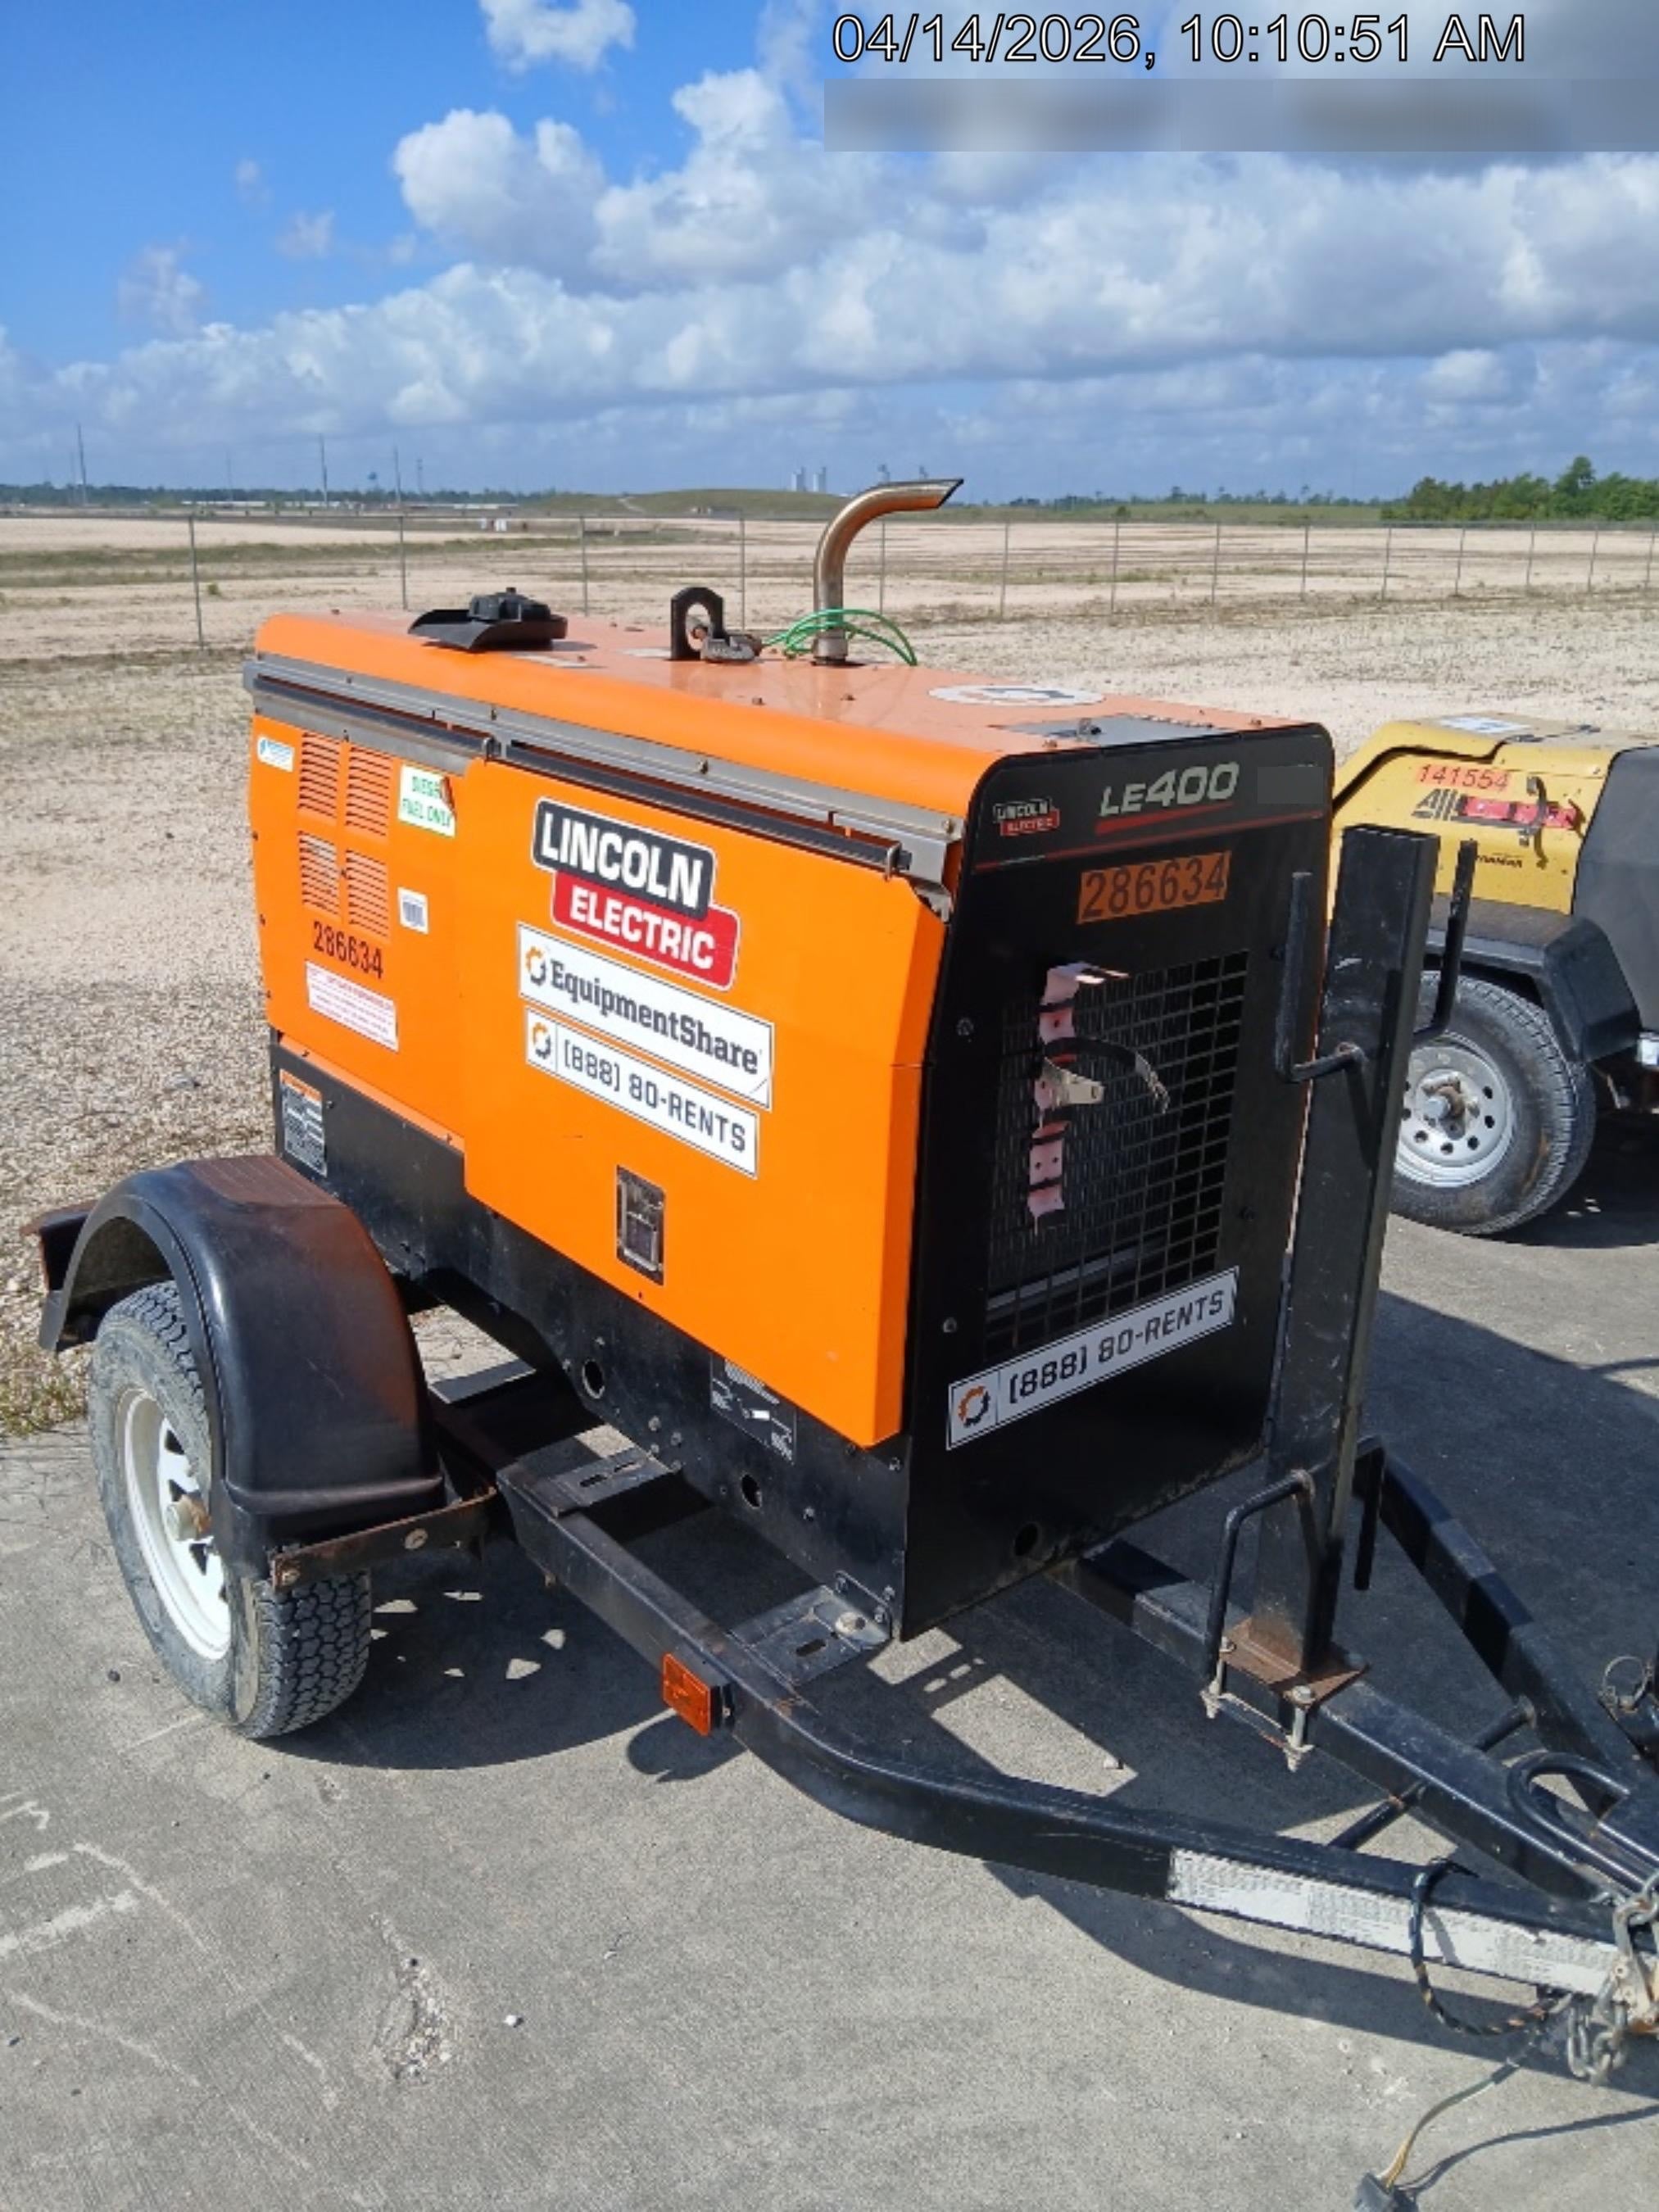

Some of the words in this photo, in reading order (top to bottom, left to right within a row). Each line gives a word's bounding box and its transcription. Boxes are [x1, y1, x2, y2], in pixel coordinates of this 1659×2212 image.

[1099, 761, 1240, 817] LE400
[1420, 764, 1508, 791] 141554
[541, 812, 703, 909] LINCOLN
[1081, 858, 1225, 919] 286634
[313, 920, 383, 979] 286634
[569, 886, 715, 970] ELECTRIC
[550, 959, 758, 1075] EquipmentShare
[564, 1039, 620, 1091] (888)
[628, 1072, 746, 1152] 80-RENTS
[1009, 1346, 1087, 1404] (888)
[1097, 1290, 1224, 1363] 80-RENTS

TASK DESCRIPTION: Verbatim copy with pictures excluded: write out the records above in full.

RESPONSE AREA:
Some of the words in this photo, in reading order (top to bottom, left to right within a row). Each line gives a word's bounding box and its transcription. Boxes are [x1, y1, x2, y2], in pixel coordinates of this 1659×2212 image.

[1099, 761, 1240, 817] LE400
[1420, 764, 1508, 791] 141554
[541, 812, 703, 909] LINCOLN
[1081, 858, 1225, 919] 286634
[313, 920, 383, 979] 286634
[569, 886, 715, 970] ELECTRIC
[550, 959, 758, 1075] EquipmentShare
[564, 1039, 620, 1091] (888)
[628, 1072, 746, 1152] 80-RENTS
[1009, 1346, 1087, 1404] (888)
[1097, 1290, 1224, 1363] 80-RENTS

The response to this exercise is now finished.